Each of the lines below must be restated exactly.
━━━━
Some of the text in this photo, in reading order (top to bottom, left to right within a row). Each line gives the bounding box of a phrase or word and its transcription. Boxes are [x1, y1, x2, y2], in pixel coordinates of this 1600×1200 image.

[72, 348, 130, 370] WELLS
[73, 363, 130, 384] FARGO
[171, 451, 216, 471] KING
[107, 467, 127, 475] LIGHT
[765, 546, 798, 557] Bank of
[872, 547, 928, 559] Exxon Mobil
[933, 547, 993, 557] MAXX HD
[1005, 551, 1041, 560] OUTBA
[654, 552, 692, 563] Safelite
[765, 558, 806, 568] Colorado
━━━━
(EXPECTED ANSWER)
Some of the text in this photo, in reading order (top to bottom, left to right within a row). Each line gives the bounding box of a phrase or word and its transcription. Boxes are [x1, y1, x2, y2], in pixel coordinates of this 1600×1200 image.

[72, 348, 130, 370] WELLS
[73, 363, 130, 384] FARGO
[171, 451, 216, 471] KING
[107, 467, 127, 475] LIGHT
[765, 546, 798, 557] Bank of
[872, 547, 928, 559] Exxon Mobil
[933, 547, 993, 557] MAXX HD
[1005, 551, 1041, 560] OUTBA
[654, 552, 692, 563] Safelite
[765, 558, 806, 568] Colorado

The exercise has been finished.